Exercise: Each record that follows should be repeated exactly, minus any images.

Records supplied:
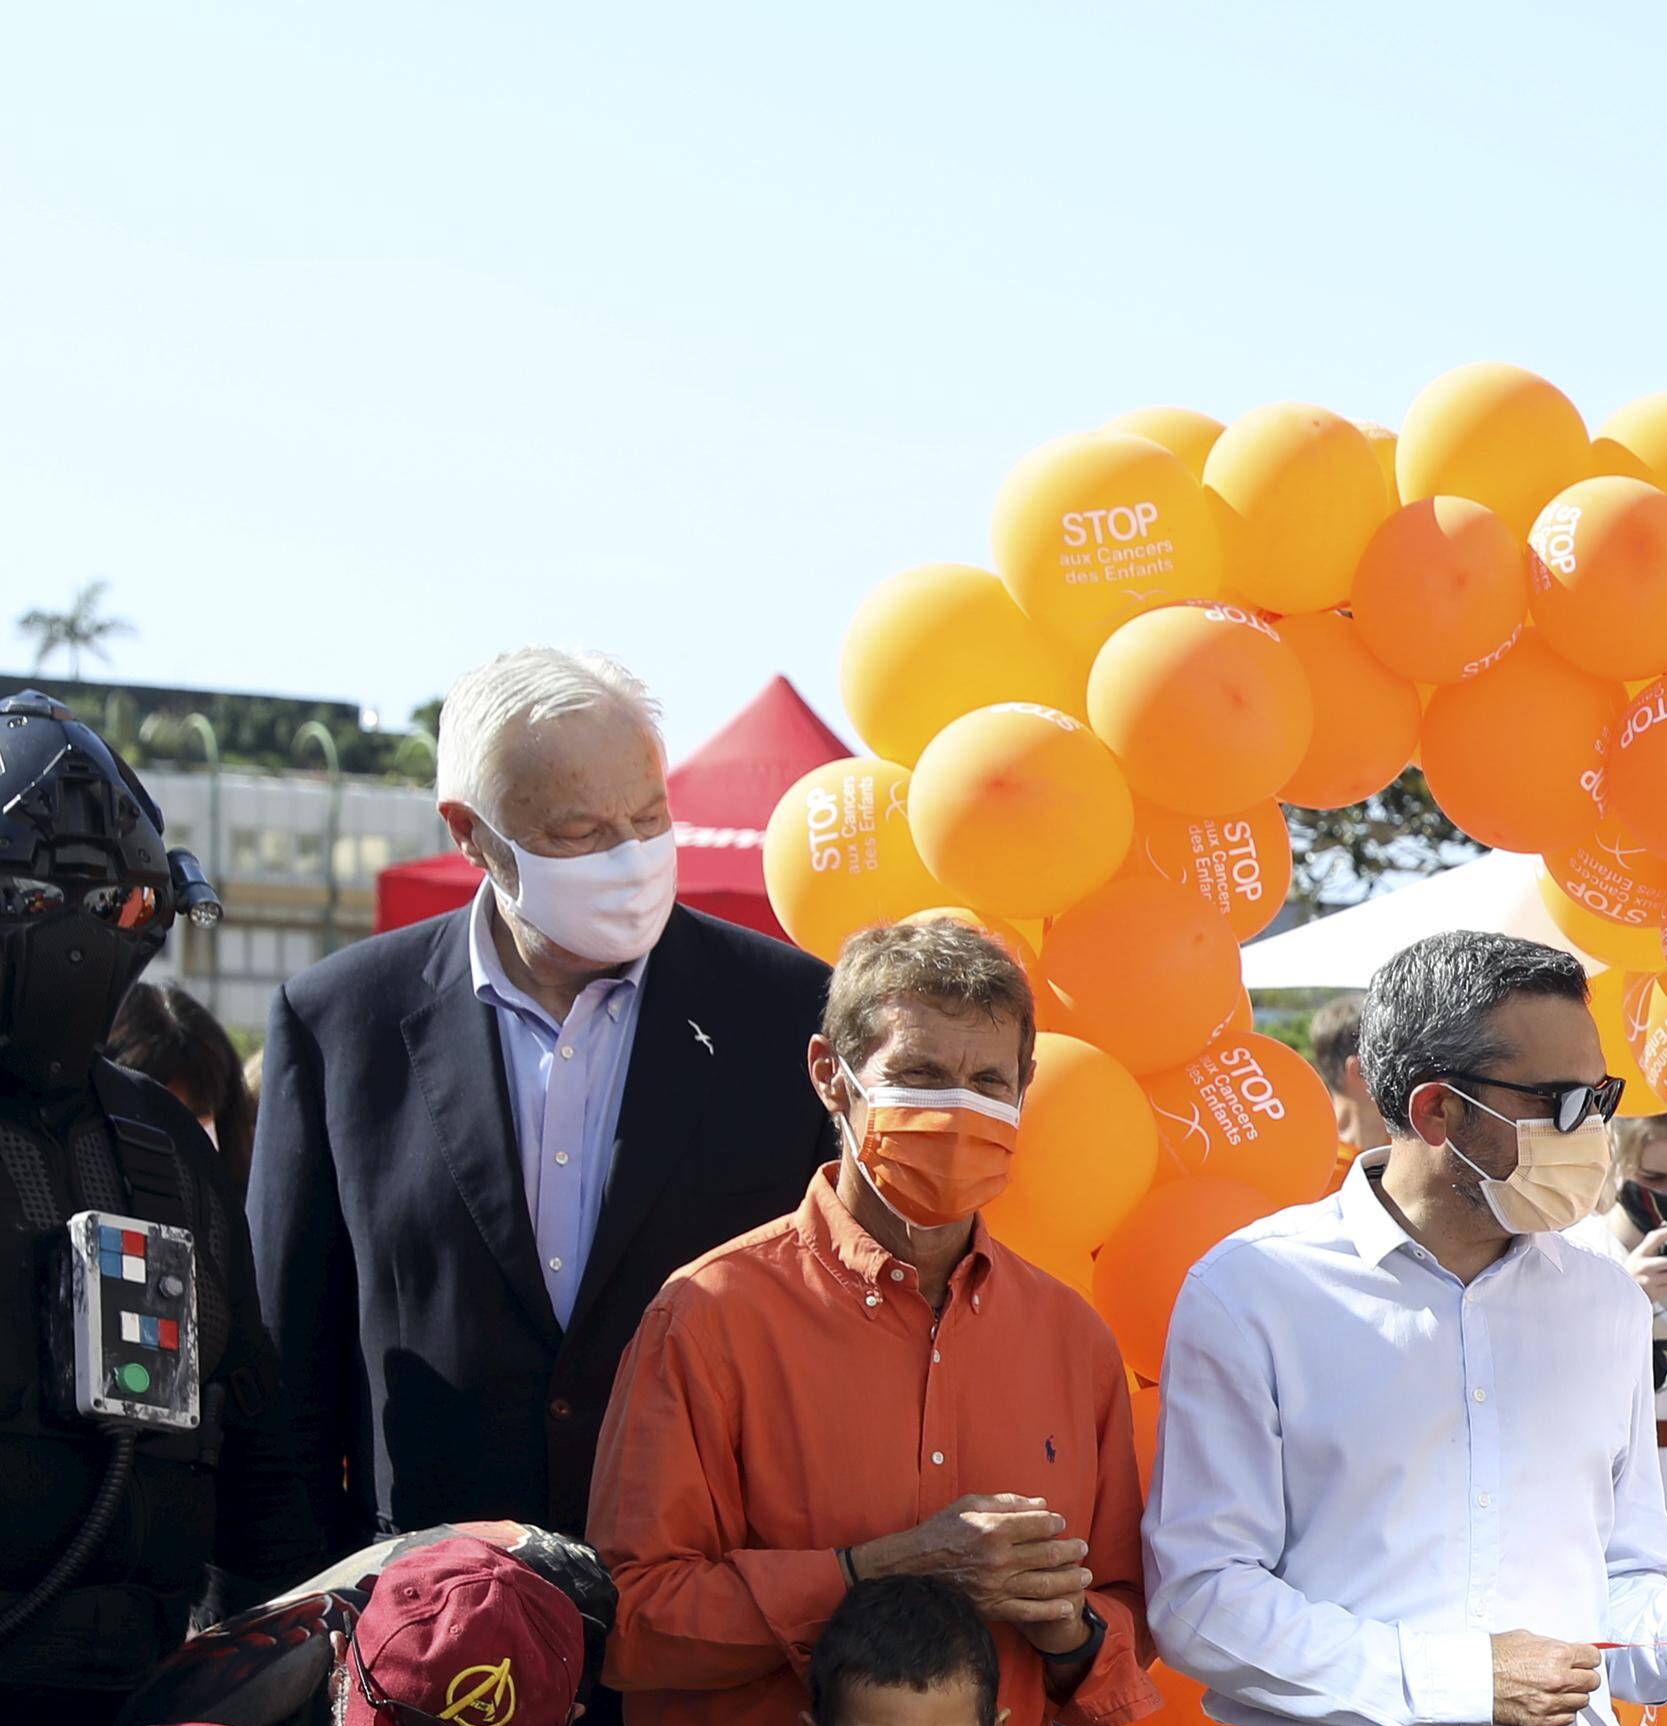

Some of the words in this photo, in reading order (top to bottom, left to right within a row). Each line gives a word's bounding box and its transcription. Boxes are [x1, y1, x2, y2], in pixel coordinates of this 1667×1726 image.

[1062, 501, 1158, 547] STOP
[1550, 504, 1583, 574] STOP
[1059, 553, 1092, 566] aux
[1097, 539, 1174, 564] Cancers
[1065, 570, 1099, 584] des
[1104, 558, 1174, 582] Enfants
[840, 776, 857, 838] Cancers
[858, 775, 876, 832] Enfants
[806, 787, 841, 872] STOP
[1188, 824, 1204, 854] des
[1203, 819, 1220, 848] aux
[864, 837, 878, 870] des
[1223, 820, 1263, 901] STOP
[1577, 848, 1634, 892] Enfants
[1195, 857, 1213, 901] Enfa
[1211, 851, 1231, 914] Cancers
[1566, 880, 1647, 925] STOP
[1568, 856, 1631, 903] Cancers
[1214, 1074, 1259, 1141] Cancers
[1220, 1048, 1285, 1121] STOP
[1200, 1081, 1242, 1147] Enfants
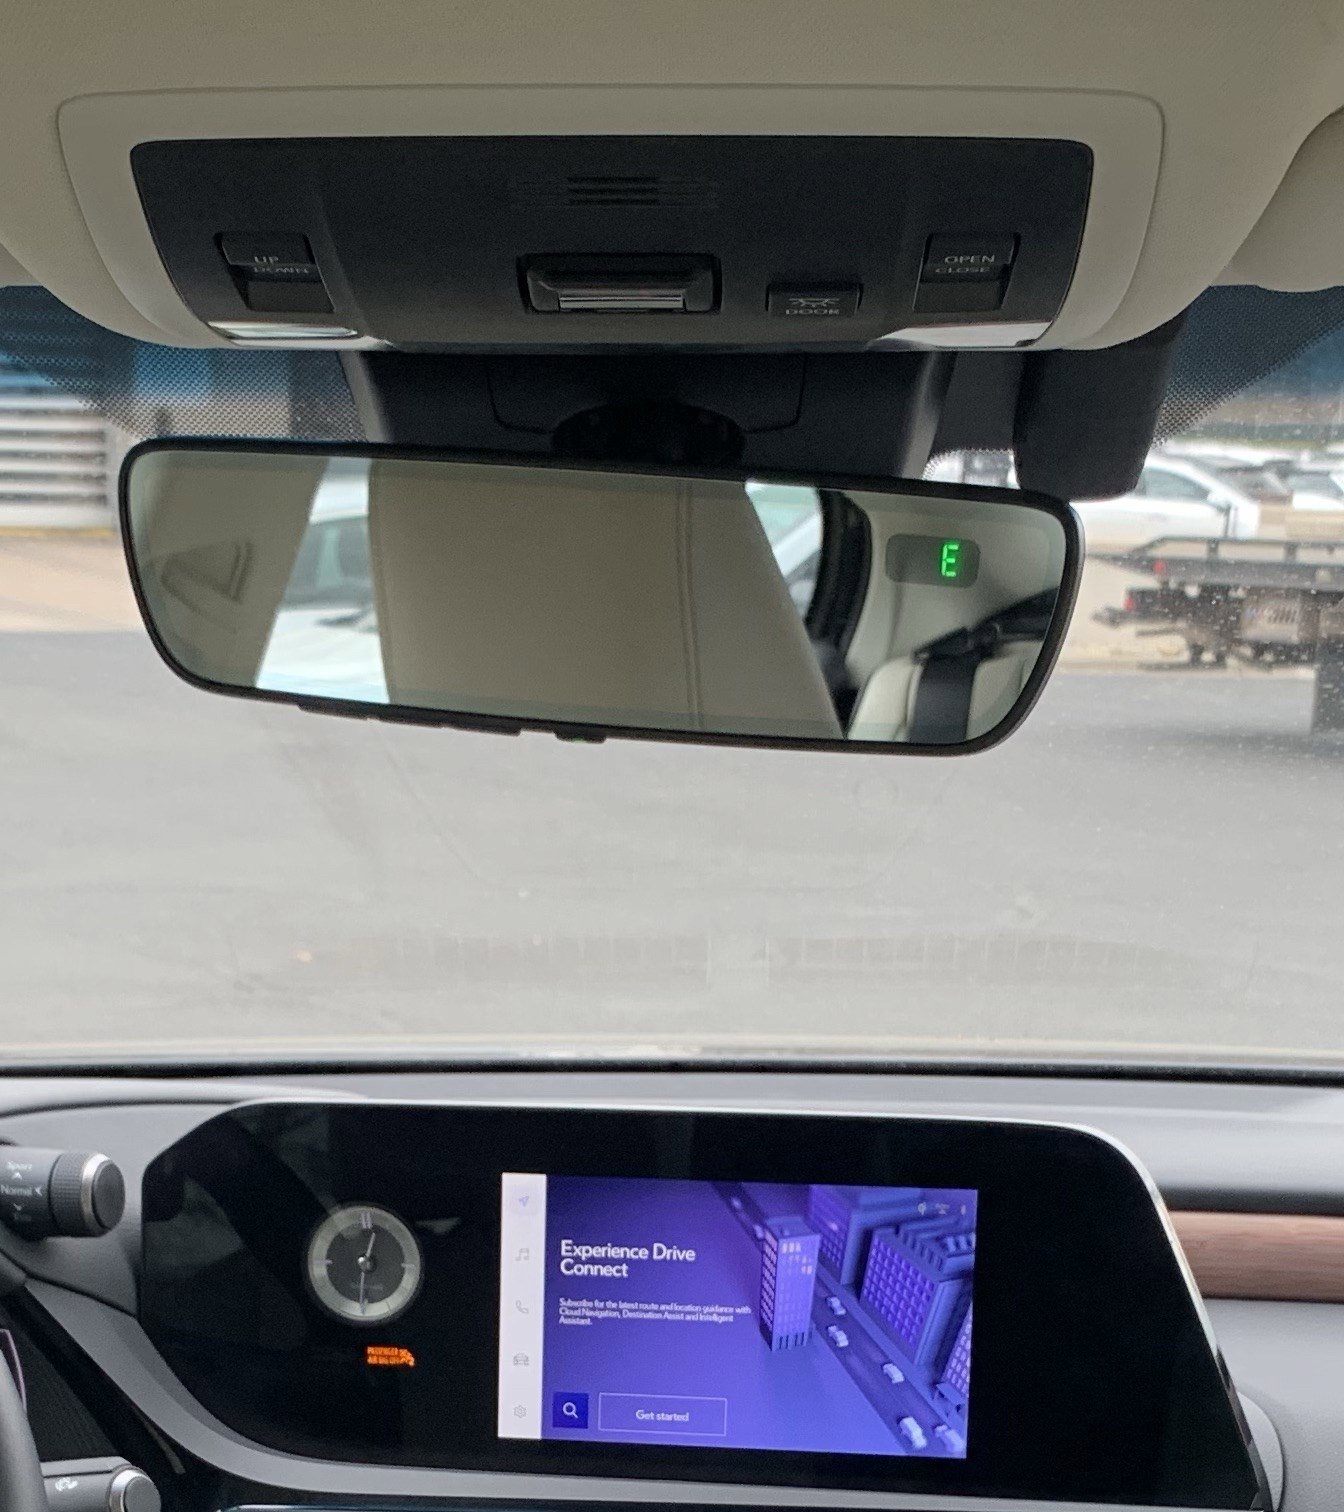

Solution below:
Some of the words in this photo, in reading order (top to bottom, left to right within a row). Each line gives a word's bounding box and its transcription. Boxes are [x1, y1, x2, y2], in pixel coordinates of this 1667×1726 image.

[1062, 501, 1158, 547] STOP
[1550, 504, 1583, 574] STOP
[1059, 553, 1092, 566] aux
[1097, 539, 1174, 564] Cancers
[1065, 570, 1099, 584] des
[1104, 558, 1174, 582] Enfants
[840, 776, 857, 838] Cancers
[858, 775, 876, 832] Enfants
[806, 787, 841, 872] STOP
[1188, 824, 1204, 854] des
[1203, 819, 1220, 848] aux
[864, 837, 878, 870] des
[1223, 820, 1263, 901] STOP
[1577, 848, 1634, 892] Enfants
[1195, 857, 1213, 901] Enfa
[1211, 851, 1231, 914] Cancers
[1566, 880, 1647, 925] STOP
[1568, 856, 1631, 903] Cancers
[1214, 1074, 1259, 1141] Cancers
[1220, 1048, 1285, 1121] STOP
[1200, 1081, 1242, 1147] Enfants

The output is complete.